Continuous dependence on the coefficients for a class of non-autonomous evolutionary equations

TL;DR

This paper establishes criteria for the continuous dependence of solutions to non-autonomous evolutionary equations on their coefficients, demonstrating how weak convergence of coefficients leads to weak convergence of solutions, with applications in elasticity, acoustics, and perturbation problems.

Contribution

It provides new criteria linking coefficient convergence to solution convergence for a class of non-autonomous evolutionary equations, including counterexamples for optimality.

Findings

Weak operator topology convergence of coefficients implies weak solution convergence.

Applications demonstrated in elasticity, acoustics, and perturbation problems.

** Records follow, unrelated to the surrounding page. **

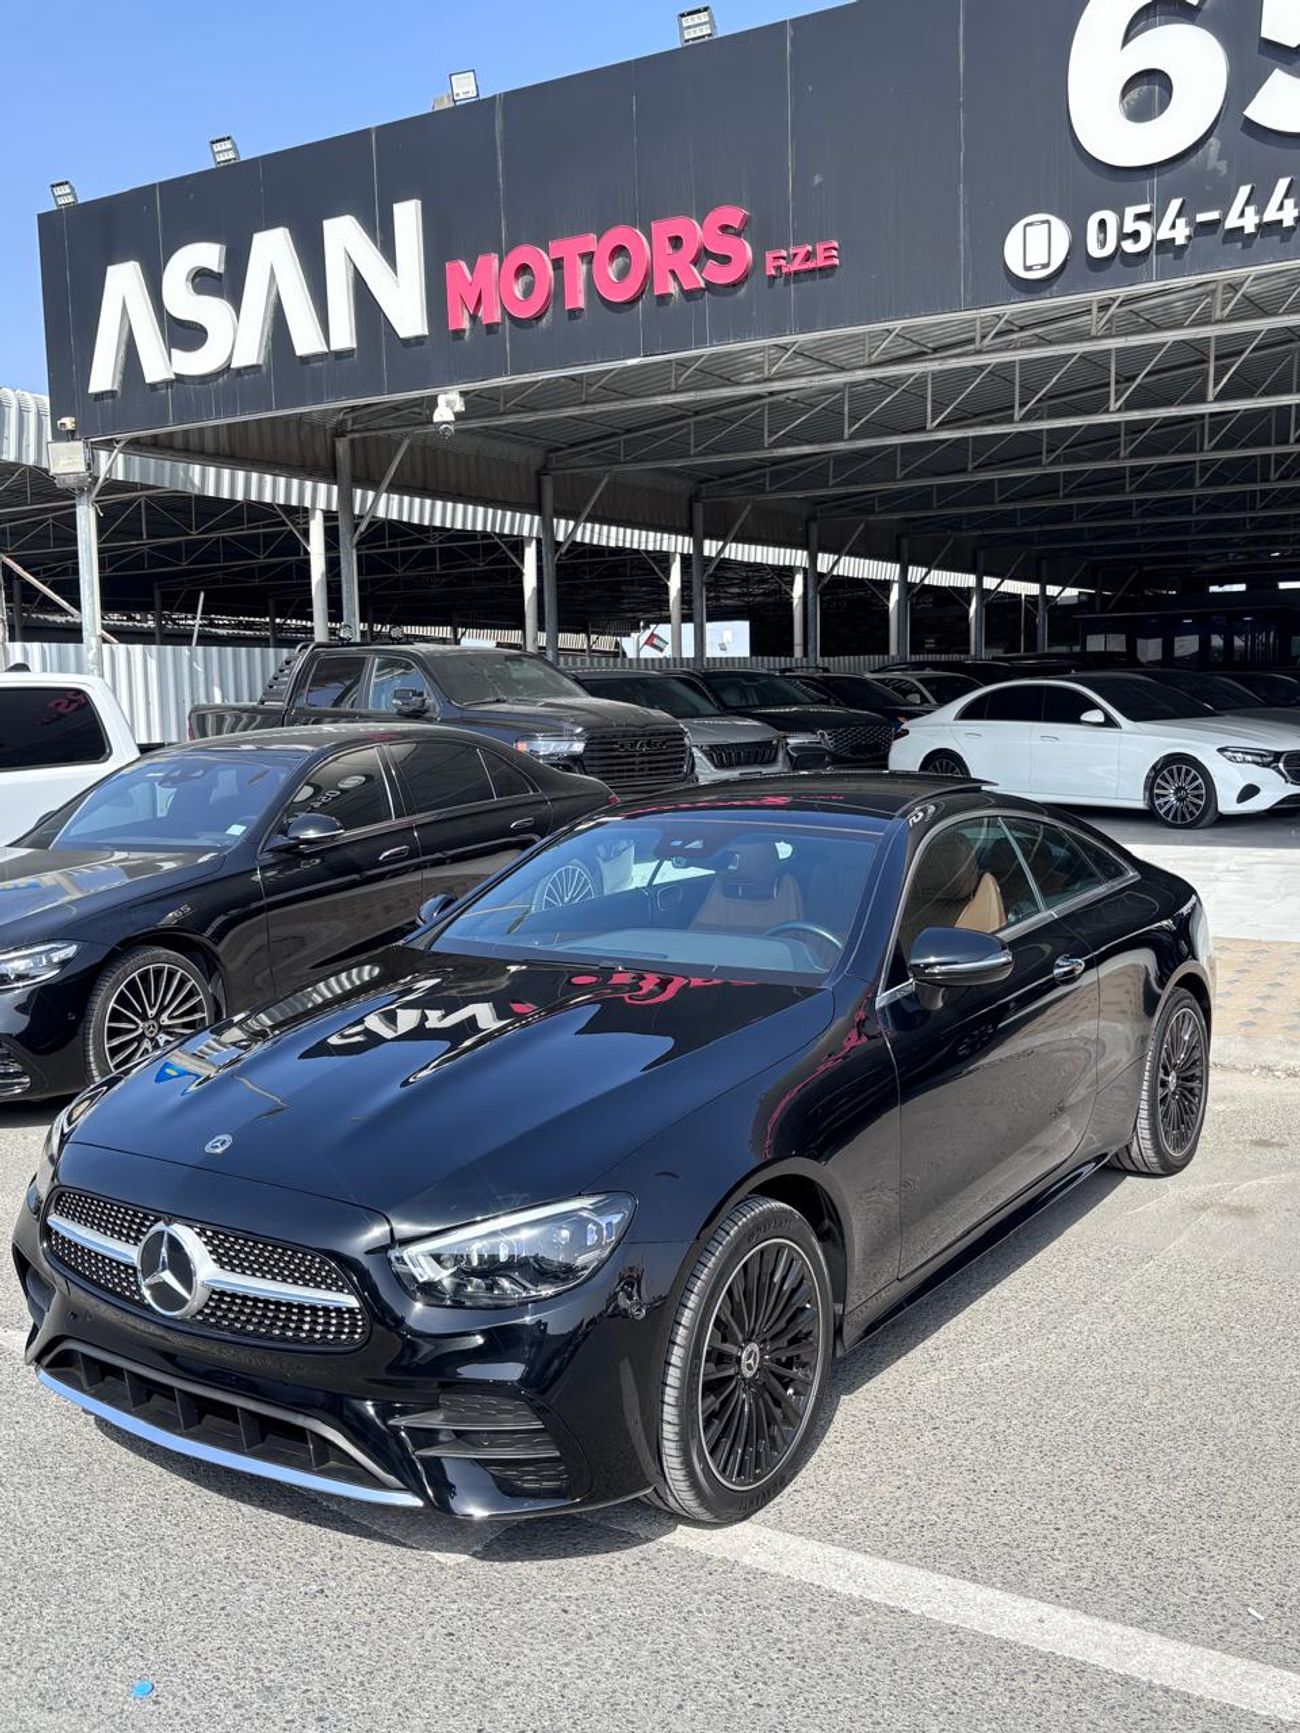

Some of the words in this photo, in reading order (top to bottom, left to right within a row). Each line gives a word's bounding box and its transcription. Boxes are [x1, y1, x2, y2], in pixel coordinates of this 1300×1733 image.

[1086, 176, 1300, 259] 054-44
[88, 199, 429, 394] ASAN
[445, 204, 753, 331] MOTORS
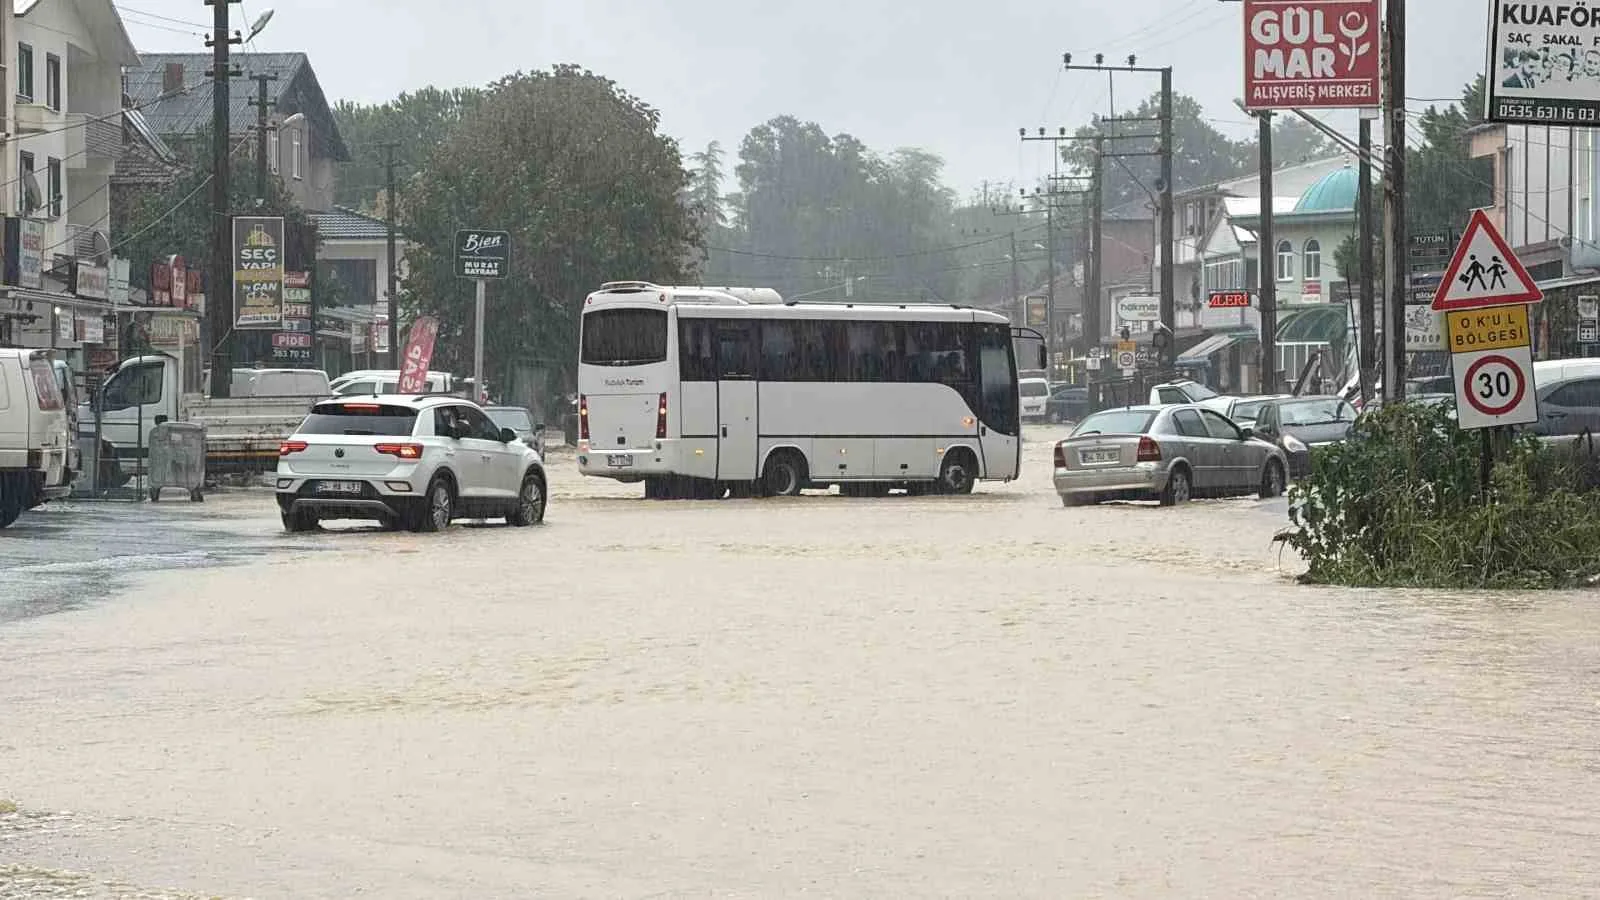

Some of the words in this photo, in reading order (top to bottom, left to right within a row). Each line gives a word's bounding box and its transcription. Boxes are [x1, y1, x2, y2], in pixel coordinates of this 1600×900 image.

[1251, 6, 1336, 45] GÜL
[1507, 33, 1532, 46] SAÇ
[1542, 34, 1582, 46] SAKAL
[1254, 47, 1336, 79] MAR
[1254, 83, 1316, 102] ALIŞVERİŞ
[1318, 82, 1372, 98] MERKEZİ
[1499, 105, 1532, 118] 0535
[1537, 106, 1558, 119] 631
[1562, 107, 1574, 120] 16
[1578, 108, 1595, 120] 03
[462, 234, 501, 251] Bien
[240, 248, 276, 260] SEÇ
[241, 262, 276, 270] YAPI
[464, 261, 499, 269] MURAT
[1461, 313, 1516, 328] OKUL
[278, 333, 305, 346] PİDE
[1478, 371, 1511, 399] 30
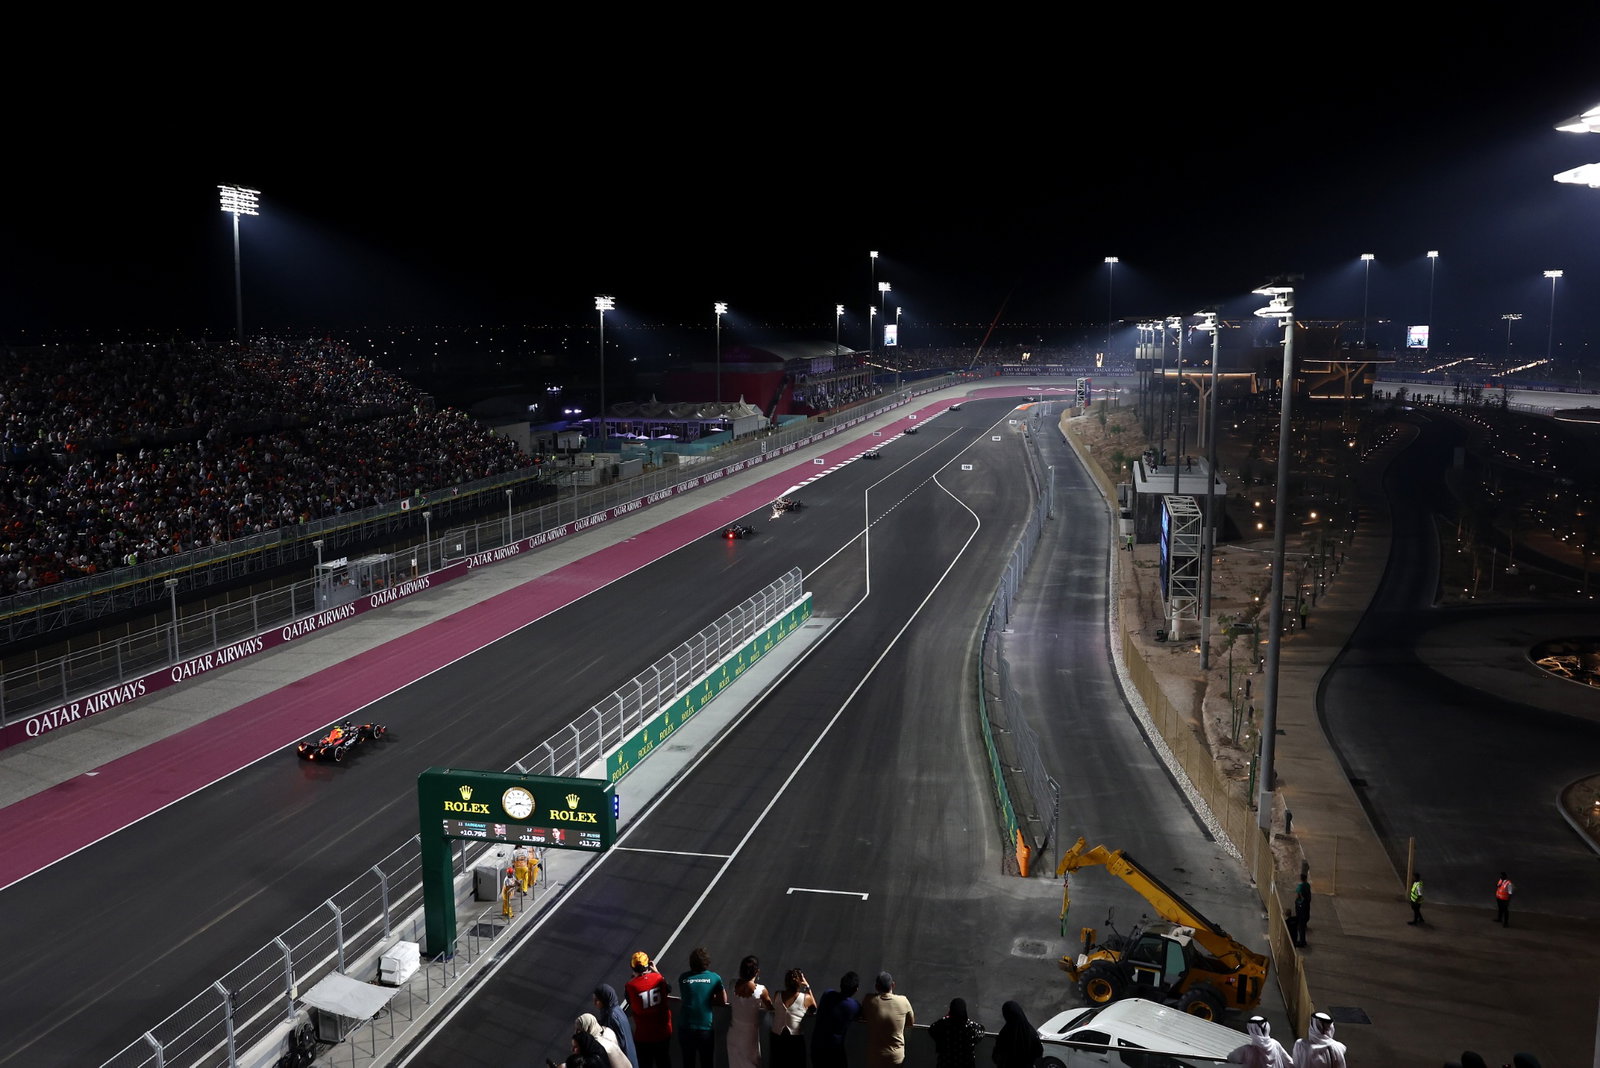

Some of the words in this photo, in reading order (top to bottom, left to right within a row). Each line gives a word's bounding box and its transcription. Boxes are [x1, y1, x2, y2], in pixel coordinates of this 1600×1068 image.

[574, 518, 589, 532] QATAR
[590, 512, 607, 524] AIRWAYS
[529, 536, 546, 548] QATAR
[547, 526, 567, 543] AIRWAYS
[466, 552, 492, 568] QATAR
[494, 544, 520, 561] AIRWAYS
[370, 588, 397, 607] QATAR
[399, 576, 430, 597] AIRWAYS
[282, 617, 315, 641] QATAR
[318, 602, 355, 628] AIRWAYS
[172, 654, 213, 682] QATAR
[216, 636, 263, 666] AIRWAYS
[26, 704, 81, 737] QATAR
[84, 679, 146, 716] AIRWAYS
[701, 690, 713, 705] ROLEX
[681, 705, 695, 722] ROLEX
[659, 722, 675, 741] ROLEX
[638, 740, 654, 759] ROLEX
[612, 761, 629, 782] ROLEX
[444, 801, 490, 814] ROLEX
[550, 810, 597, 823] ROLEX
[638, 987, 662, 1008] 16
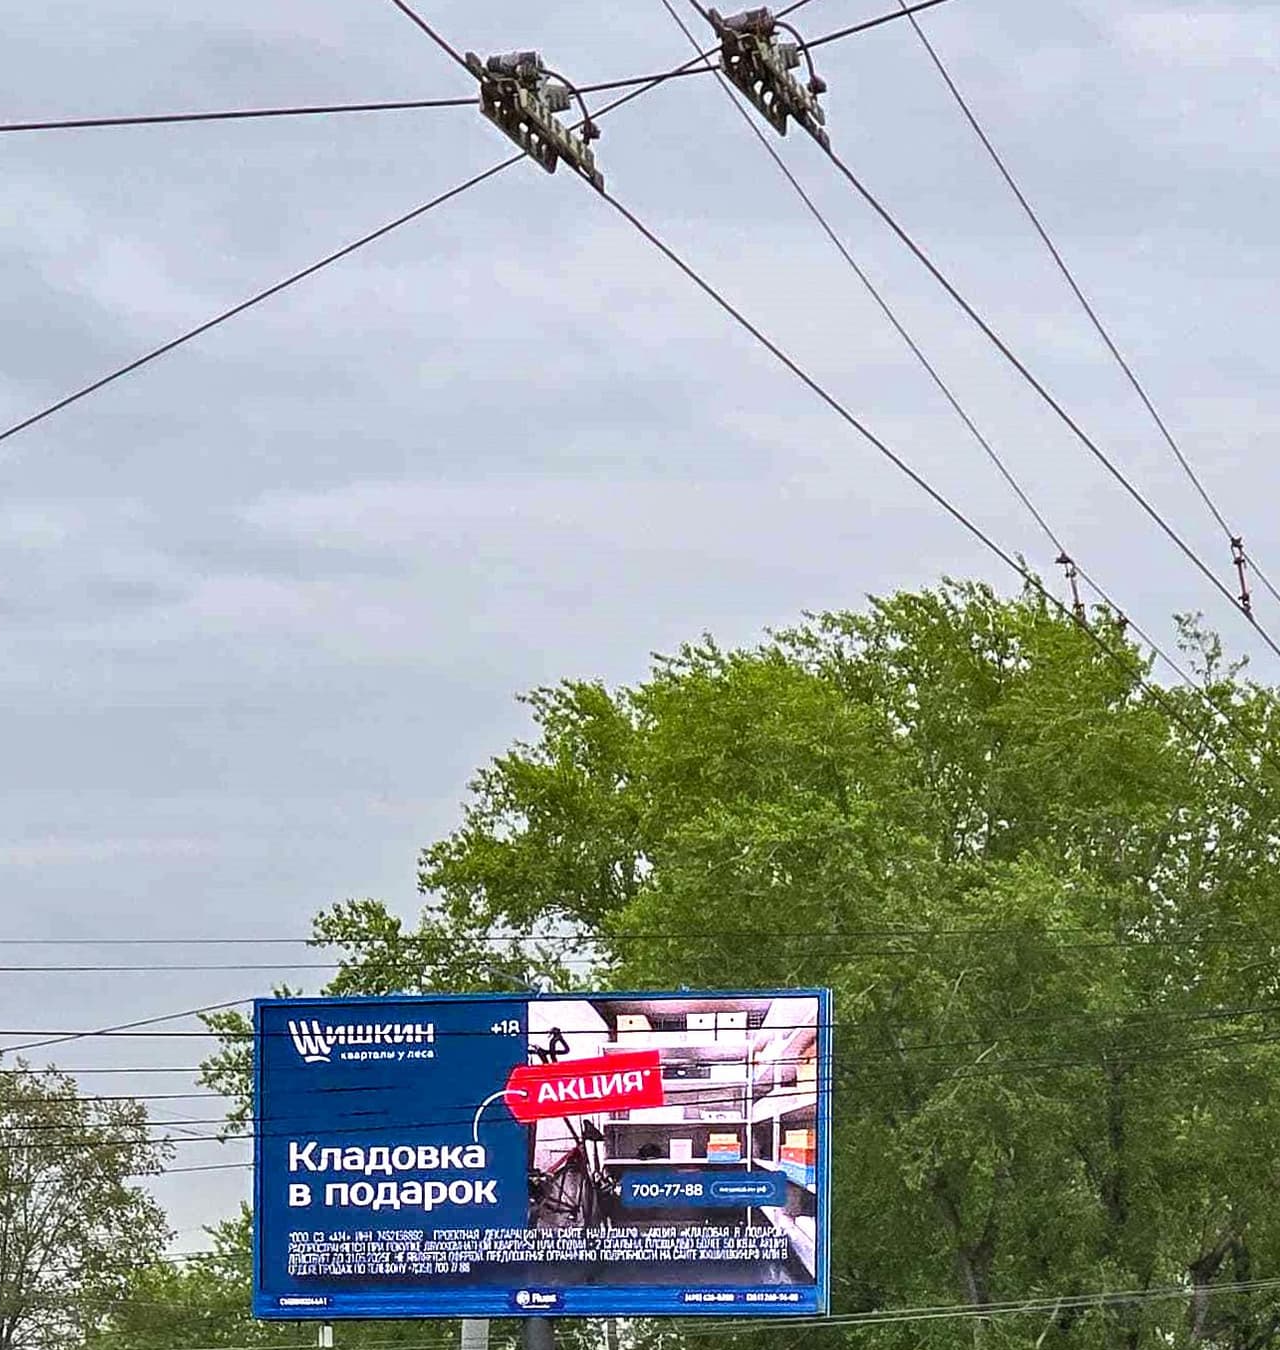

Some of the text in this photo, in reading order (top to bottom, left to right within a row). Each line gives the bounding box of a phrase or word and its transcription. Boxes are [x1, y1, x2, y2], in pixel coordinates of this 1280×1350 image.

Counterexamples show the optimality of the established criteria.

Abstract

The continuous dependence of solutions to certain (non-autonomous, partial, integro-differential-algebraic, evolutionary) equations on the coefficients is addressed. We give criteria that guarantee that convergence of the coefficients in the weak operator topology implies weak convergence of the respective solutions. We treat three examples: A homogenization problem for a Kelvin-Voigt model for elasticity, the discussion of continuous dependence of the coefficients for acoustic waves with impedance type boundary conditions and a singular perturbation problem for a mixed type equation. By means of counter examples we show optimality of the results obtained.